Data items:
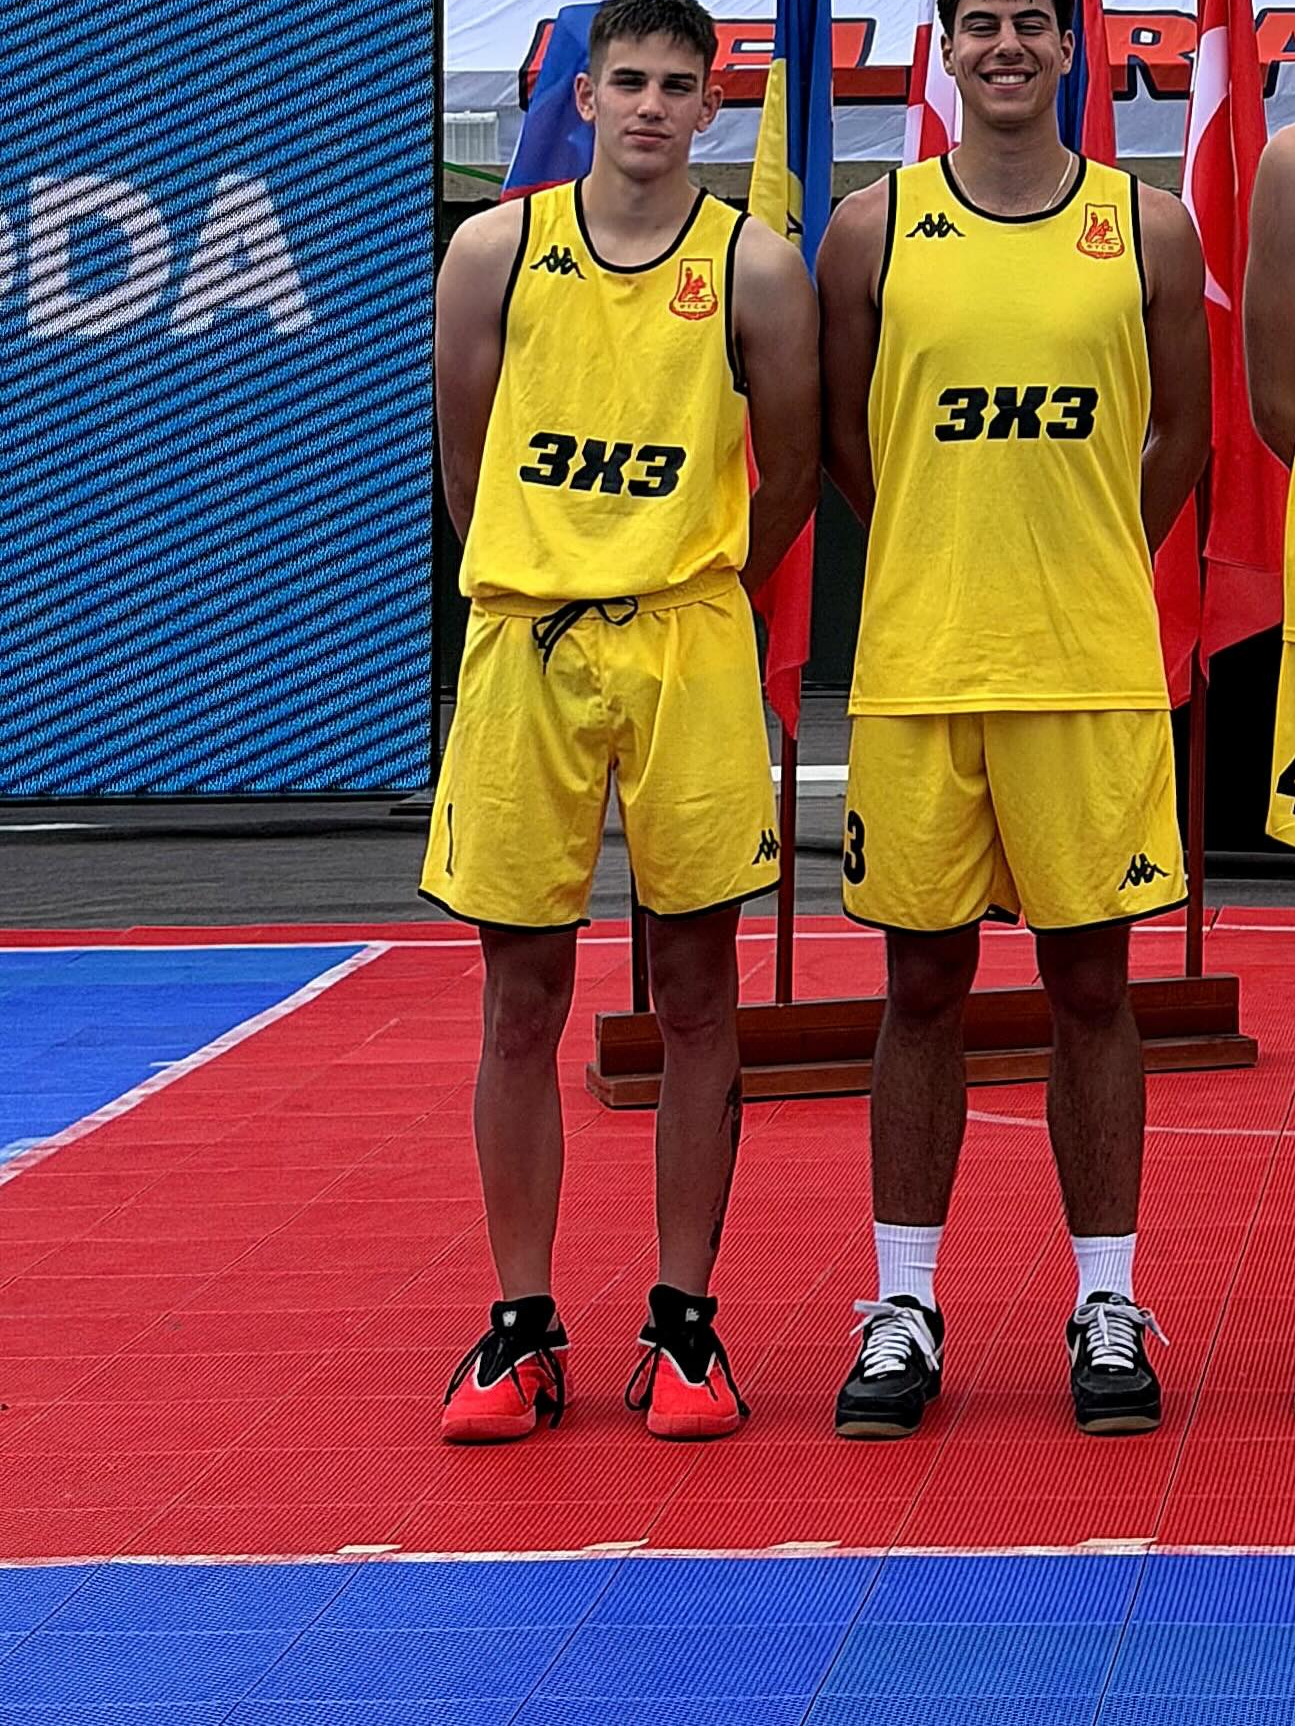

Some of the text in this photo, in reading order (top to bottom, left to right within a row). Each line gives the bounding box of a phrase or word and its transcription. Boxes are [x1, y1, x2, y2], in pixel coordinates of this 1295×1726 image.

[0, 173, 314, 337] DA
[934, 386, 1100, 442] 3X3
[519, 430, 687, 498] 3X3
[842, 809, 867, 885] 3

=== TASK TO COMPLETE ===
Print the records above exactly, minus pictures.

=== ANSWER SECTION ===
Some of the text in this photo, in reading order (top to bottom, left to right within a row). Each line gives the bounding box of a phrase or word and its transcription. Boxes are [x1, y1, x2, y2], in pixel coordinates of this 1295×1726 image.

[0, 173, 314, 337] DA
[934, 386, 1100, 442] 3X3
[519, 430, 687, 498] 3X3
[842, 809, 867, 885] 3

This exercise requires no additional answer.